Task statement: Each line of the listing must be transcribed exactly, except for the images, which should be excluded.

Entries shown:
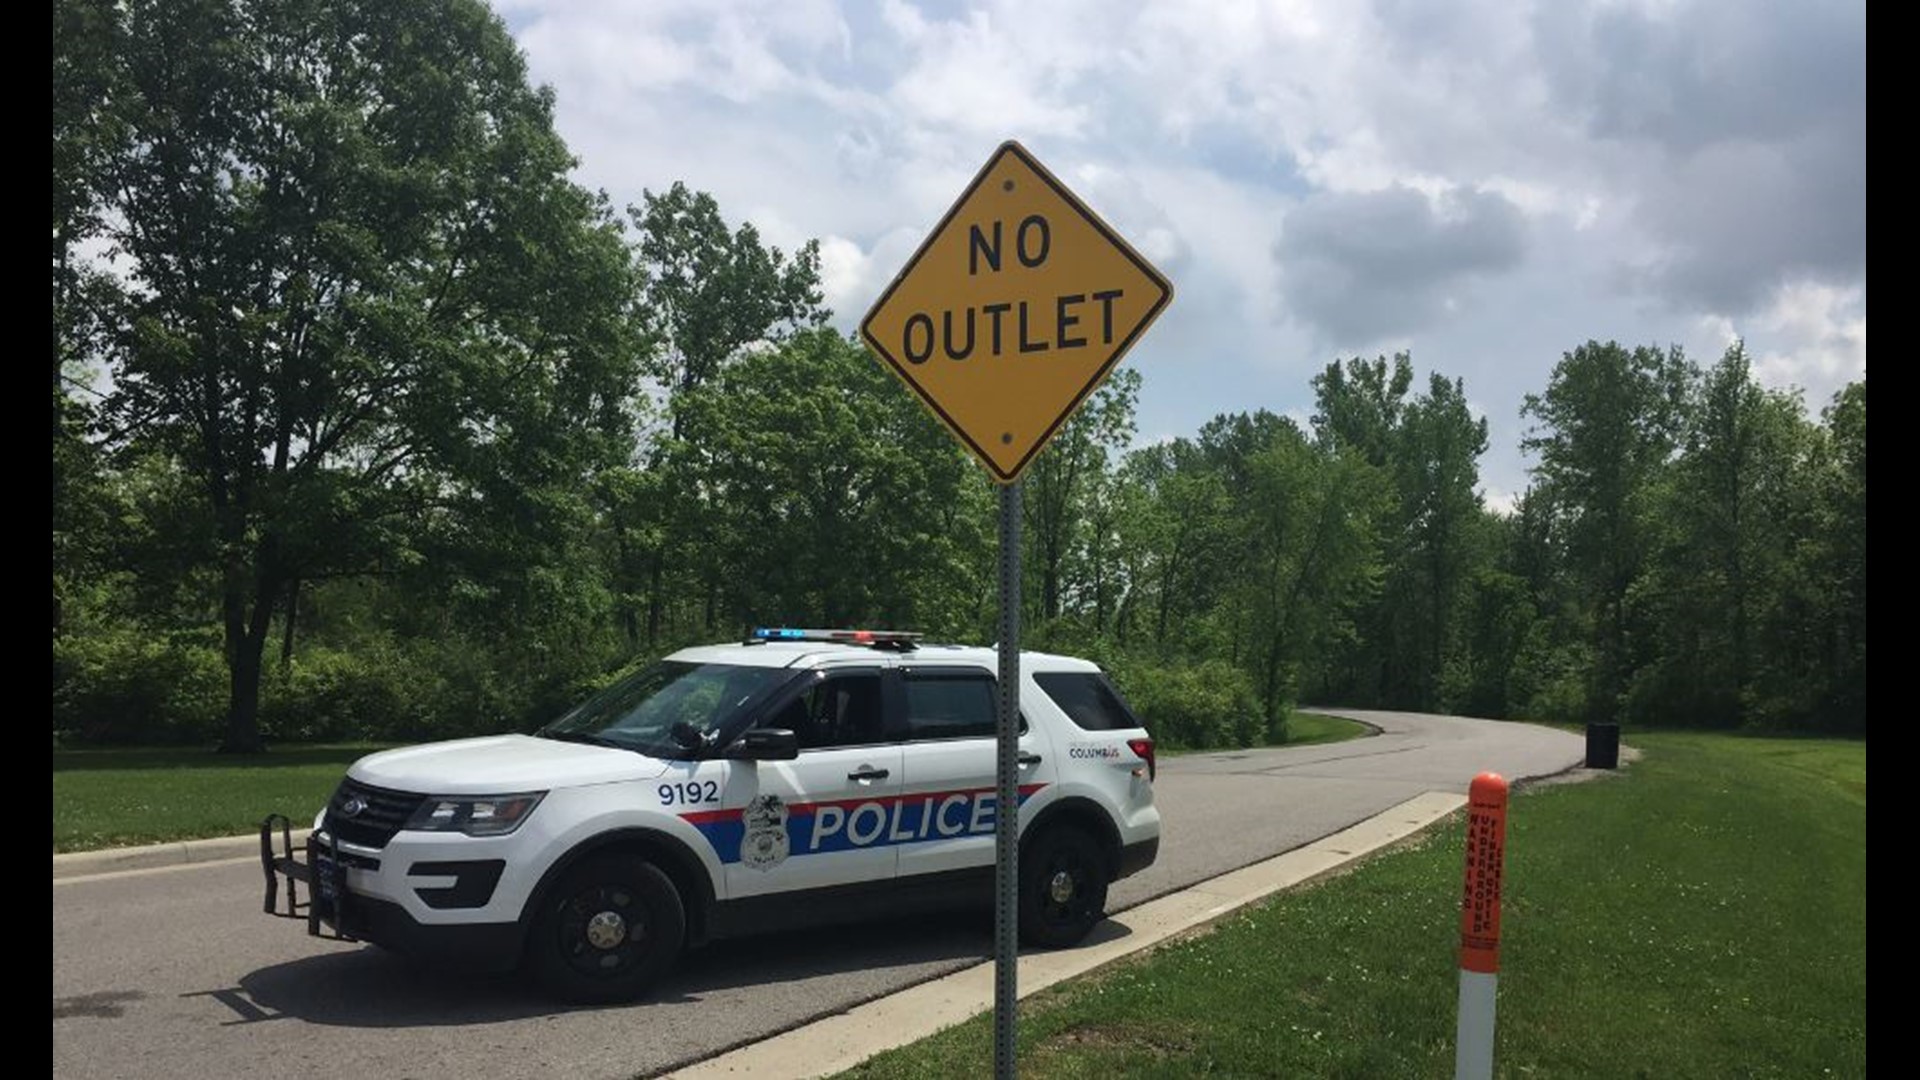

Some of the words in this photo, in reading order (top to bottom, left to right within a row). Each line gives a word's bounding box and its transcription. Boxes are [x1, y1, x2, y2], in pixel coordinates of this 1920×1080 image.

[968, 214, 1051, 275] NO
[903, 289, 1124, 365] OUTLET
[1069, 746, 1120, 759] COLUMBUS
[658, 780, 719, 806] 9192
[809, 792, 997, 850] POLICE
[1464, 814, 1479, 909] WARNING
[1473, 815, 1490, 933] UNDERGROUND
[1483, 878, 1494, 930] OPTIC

Output for this exercise:
Some of the words in this photo, in reading order (top to bottom, left to right within a row). Each line gives a word's bounding box and its transcription. Boxes are [x1, y1, x2, y2], in pixel coordinates of this 1920×1080 image.

[968, 214, 1051, 275] NO
[903, 289, 1124, 365] OUTLET
[1069, 746, 1120, 759] COLUMBUS
[658, 780, 719, 806] 9192
[809, 792, 997, 850] POLICE
[1464, 814, 1479, 909] WARNING
[1473, 815, 1490, 933] UNDERGROUND
[1483, 878, 1494, 930] OPTIC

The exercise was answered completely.